A dos millas del Strip existe una Las Vegas que no aparece en los folletos. El Arts District ocupa un puñado de manzanas al oeste del Downtown, con galerías que funcionan de verdad, talleres de artistas, murales que no son patrocinados por ningún casino y bares donde la gente habla en lugar de perder dinero. No es un barrio reformado para el turista: es un barrio que simplemente ha sido.
Los sábados por la mañana, el mercado de productores ocupa las aceras y la gente compra verdura y pan mientras los artistas abren sus estudios.

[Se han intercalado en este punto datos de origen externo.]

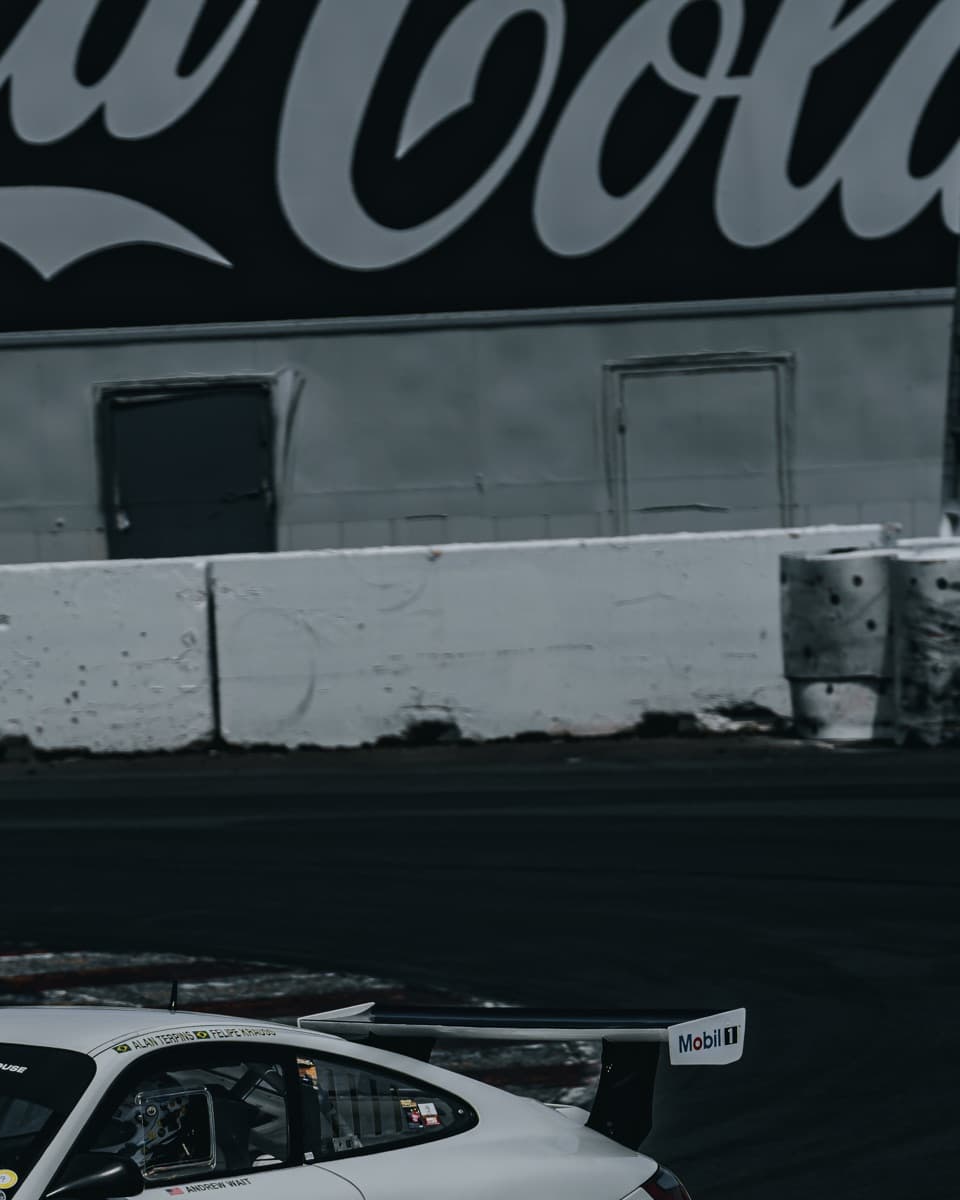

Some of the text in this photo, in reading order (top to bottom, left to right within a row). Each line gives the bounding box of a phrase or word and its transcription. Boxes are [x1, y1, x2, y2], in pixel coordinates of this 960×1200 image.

[132, 1037, 157, 1050] ALAN
[157, 1031, 195, 1046] TERPINS
[210, 1028, 241, 1039] FELIPE
[678, 1028, 721, 1053] Mobil
[185, 1178, 253, 1194] ANDREW WAIT

Hay una cadencia humana que resulta extraña en una ciudad que ha construido toda su economía alrededor de eliminar la cadencia: aquí los relojes sí están visibles, la luz natural entra por las ventanas, y nadie está intentando que te quedes más tiempo del que querías.

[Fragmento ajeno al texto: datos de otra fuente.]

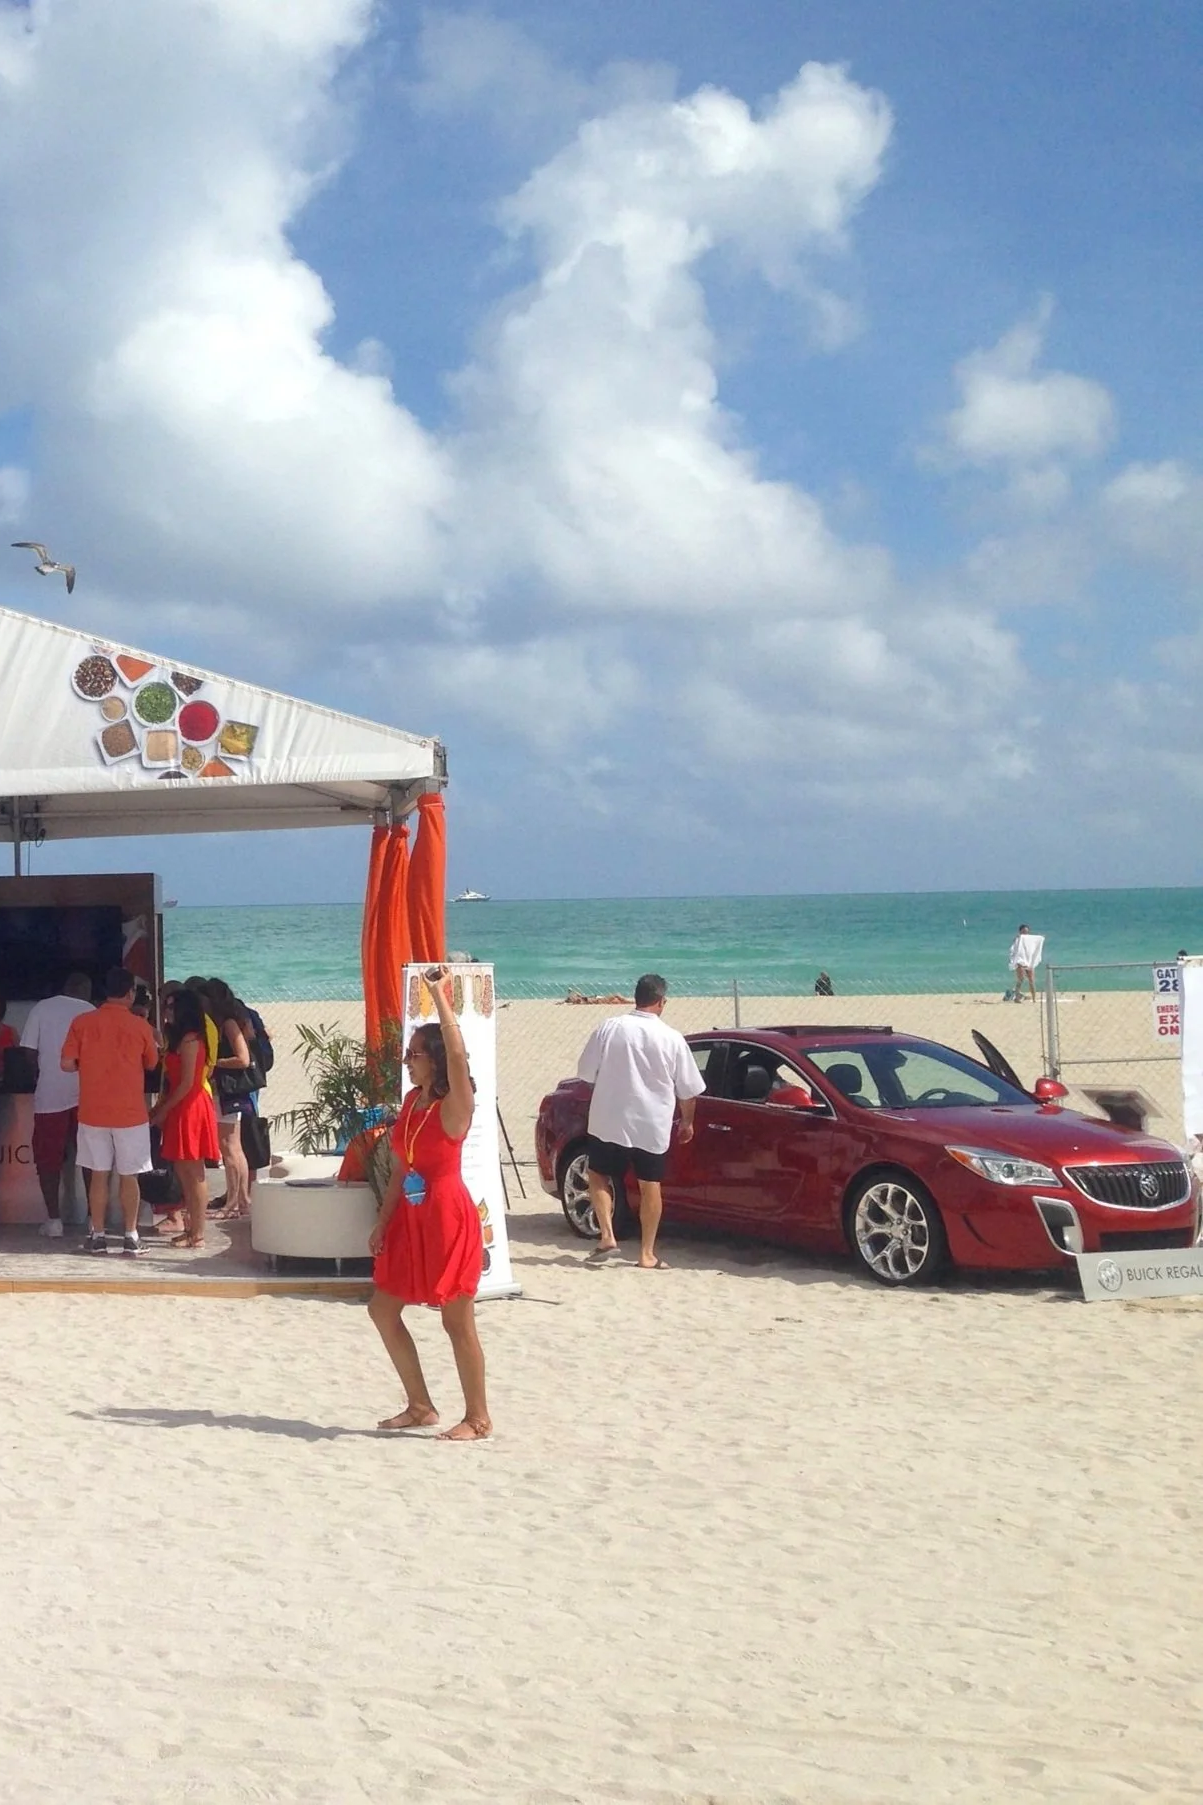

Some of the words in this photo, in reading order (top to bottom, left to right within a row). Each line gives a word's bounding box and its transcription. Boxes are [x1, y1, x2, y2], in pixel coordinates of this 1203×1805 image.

[1157, 968, 1177, 979] GAT
[1159, 1014, 1180, 1025] EX
[1158, 1025, 1180, 1036] ON
[1126, 1266, 1164, 1281] BUICK
[1165, 1264, 1203, 1280] REGAL

El distrito creció casi por accidente, como crecen los barrios de artistas antes de que los descubra nadie: alquileres baratos, naves industriales disponibles, proximidad a una zona de restaurantes y bares que los locales ya frecuentaban. Cuando el Strip subía de precio y de pretensión, el Arts District ofrecía espacio y silencio relativo. Esa combinación hace barrios.
Lo que el turista no ve es que el distrito funciona como válvula de escape para los propios trabajadores del Strip. Camareros, músicos de pit band, técnicos de escenario: muchos viven o beben por aquí. Es el lugar donde Las Vegas se quita el disfraz y habla en su propio idioma, sin la presión de rendir para nadie.
El Arts District no es la respuesta a Las Vegas: es lo que Las Vegas tiene en vez de barrio. No es perfecto, no está terminado, y eso es exactamente lo que lo hace funcionar. Si buscas el sitio donde la ciudad respira, empieza aquí y ve despacio.